Spatial localization data

------------------------------------

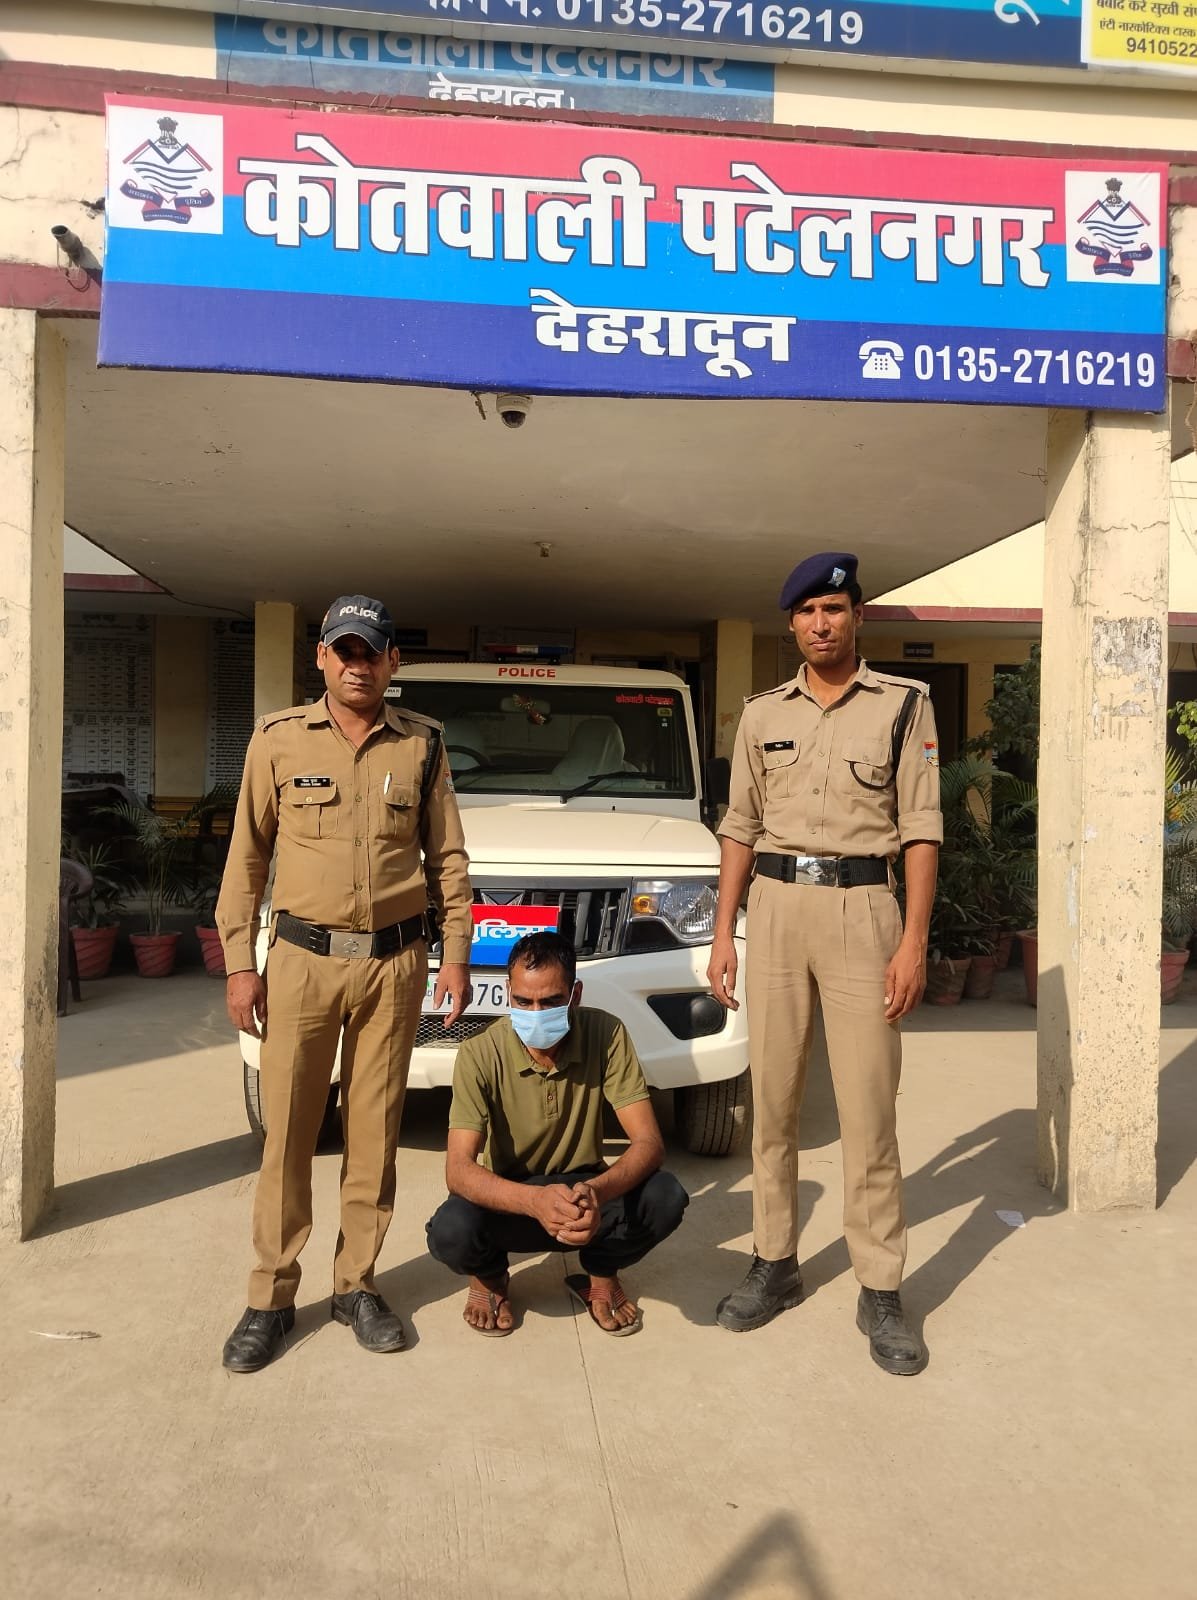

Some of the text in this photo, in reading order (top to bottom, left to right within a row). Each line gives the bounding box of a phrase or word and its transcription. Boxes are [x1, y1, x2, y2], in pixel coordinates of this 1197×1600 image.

[556, 0, 863, 44] 0135-2716219
[238, 132, 1055, 288] कोतवाली पटेलनगर
[529, 288, 797, 379] देहरादून
[914, 344, 1156, 388] 0135-2716219
[339, 605, 379, 621] POLICE
[498, 667, 556, 678] POLICE

------------------------------------

EXERCISE:
With the images left out, set down every entry exactly.

WRITTEN ANSWER:
Some of the text in this photo, in reading order (top to bottom, left to right within a row). Each line gives the bounding box of a phrase or word and its transcription. Boxes are [x1, y1, x2, y2], in pixel coordinates of this 1197×1600 image.

[556, 0, 863, 44] 0135-2716219
[238, 132, 1055, 288] कोतवाली पटेलनगर
[529, 288, 797, 379] देहरादून
[914, 344, 1156, 388] 0135-2716219
[339, 605, 379, 621] POLICE
[498, 667, 556, 678] POLICE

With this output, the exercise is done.